And there’s also the much smaller Merk Gold Trust (OUNZ), which is more redeemable than PHYS for individual unitholders — their minimum fees mean that it only makes sense if you own about 40 ounces worth, but they’ll redeem into gold coins and send them to you for a per-ounce fee of $25-60 (minimum fee is about 40X that amount, which is probably why you’d want to redeem for at least 40 ounces). That, likewise, has traded pretty much exactly in line with PHYS since OUNZ went public about a year ago.

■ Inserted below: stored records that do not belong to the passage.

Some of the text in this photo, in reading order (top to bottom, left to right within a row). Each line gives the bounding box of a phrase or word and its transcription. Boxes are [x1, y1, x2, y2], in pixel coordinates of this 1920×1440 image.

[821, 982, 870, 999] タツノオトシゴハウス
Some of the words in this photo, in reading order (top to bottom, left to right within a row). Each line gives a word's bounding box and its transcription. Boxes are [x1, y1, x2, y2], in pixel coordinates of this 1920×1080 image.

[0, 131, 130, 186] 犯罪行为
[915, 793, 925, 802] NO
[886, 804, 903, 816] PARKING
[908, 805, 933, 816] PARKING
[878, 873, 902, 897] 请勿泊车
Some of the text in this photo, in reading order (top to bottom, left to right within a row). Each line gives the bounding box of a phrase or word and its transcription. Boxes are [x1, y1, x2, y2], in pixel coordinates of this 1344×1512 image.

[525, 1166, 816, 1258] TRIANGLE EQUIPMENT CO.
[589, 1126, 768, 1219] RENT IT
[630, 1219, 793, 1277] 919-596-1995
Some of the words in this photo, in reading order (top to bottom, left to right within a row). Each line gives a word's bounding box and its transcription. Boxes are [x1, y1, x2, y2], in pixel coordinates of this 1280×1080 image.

On the more volatile side of things, if you’re interested in closed-end vehicles for buying precious metals you can also check out the Central Fund of Canada (CEF), the granddaddy of closed-end bullion funds. They own both gold and silver bullion (and have separately traded funds for those two metals as well, Central GoldTrust (GTU) and Silver Bullion Trust (SBT in Canada, SVRZF OTC in the US)… none of those promise delivery but they say 95%+ of NAV is invested in physical metal that they control, all of them are at substantial discounts to NAV, they’re also likely to fall under the PFIC rules when it comes to taxes.

Tiwari also says that he’s got a special way to buy this fund (or something else gold-related) to help hedge against the rising dollar — since, like most commodities, a rising dollar will make the value of the commodity fall in dollar terms. Here’s how he puts that:

“When the dollar is rising, gold prices either stagnate or fall.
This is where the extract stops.